10 Years of Failure Friday at PagerDuty: Fostering Resilience, Learning and Reliability
Blog post from PagerDuty
Failure Friday is a decade-long practice at PagerDuty, inspired by chaos engineering, which involves deliberately introducing system failures to enhance service resilience and foster a proactive engineering culture. Spearheaded by Senior Engineering Manager Stevenson Jean-Pierre (SJP), the practice has evolved from automated failure testing to a more intentional approach that focuses on specific failure scenarios to gain actionable insights into system vulnerabilities. The initiative, which has expanded beyond Fridays, is designed to improve engineers' understanding of complex digital infrastructures and uncover hidden dependencies, ultimately leading to more robust software and improved system reliability. DevOps Advocate Mandi Walls highlights Failure Friday’s role in enhancing customer experience by fostering innovation, graceful error handling, and clear communication.
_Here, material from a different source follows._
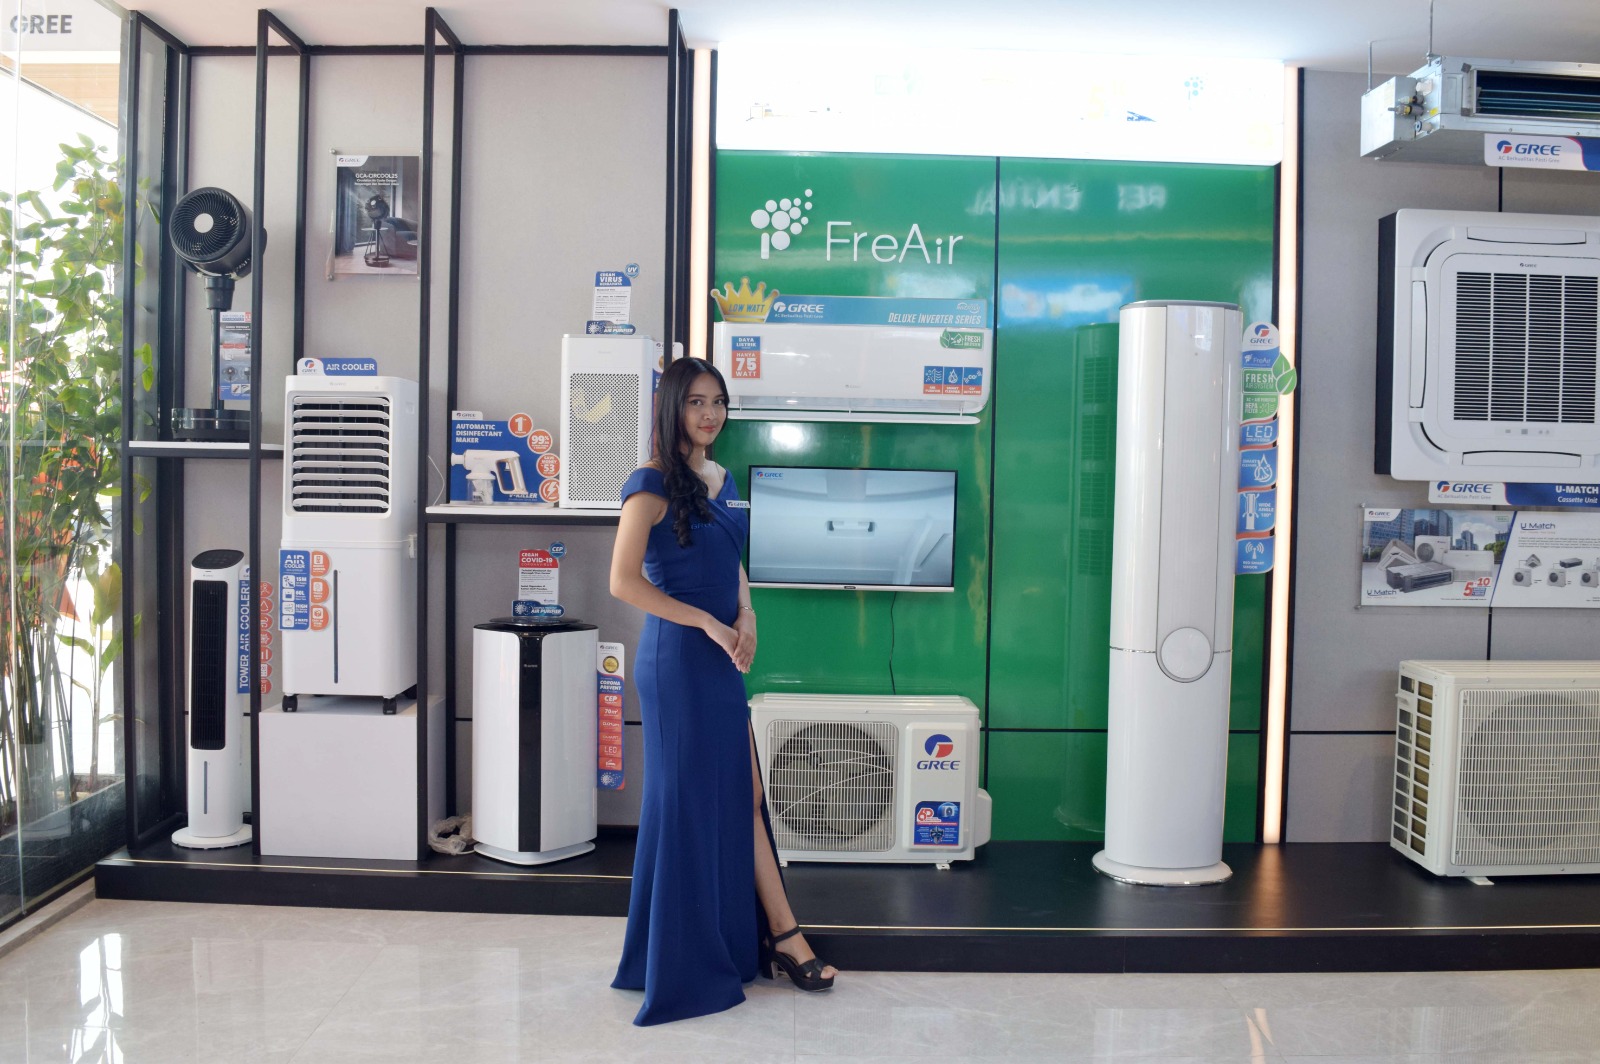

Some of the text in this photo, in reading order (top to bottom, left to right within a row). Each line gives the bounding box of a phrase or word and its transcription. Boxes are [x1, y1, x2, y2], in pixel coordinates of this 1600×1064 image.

The practice encourages collaboration among engineers, product managers, and business owners while promoting a blame-free environment for open discussions and continuous learning. Despite challenges like stability concerns and the need for cultural shifts, Failure Friday is seen as a valuable approach for organizations aiming to improve system resilience and customer satisfaction. Both SJP and Mandi suggest starting small and building a culture of psychological safety to successfully integrate Failure Friday into an organization's DevOps processes.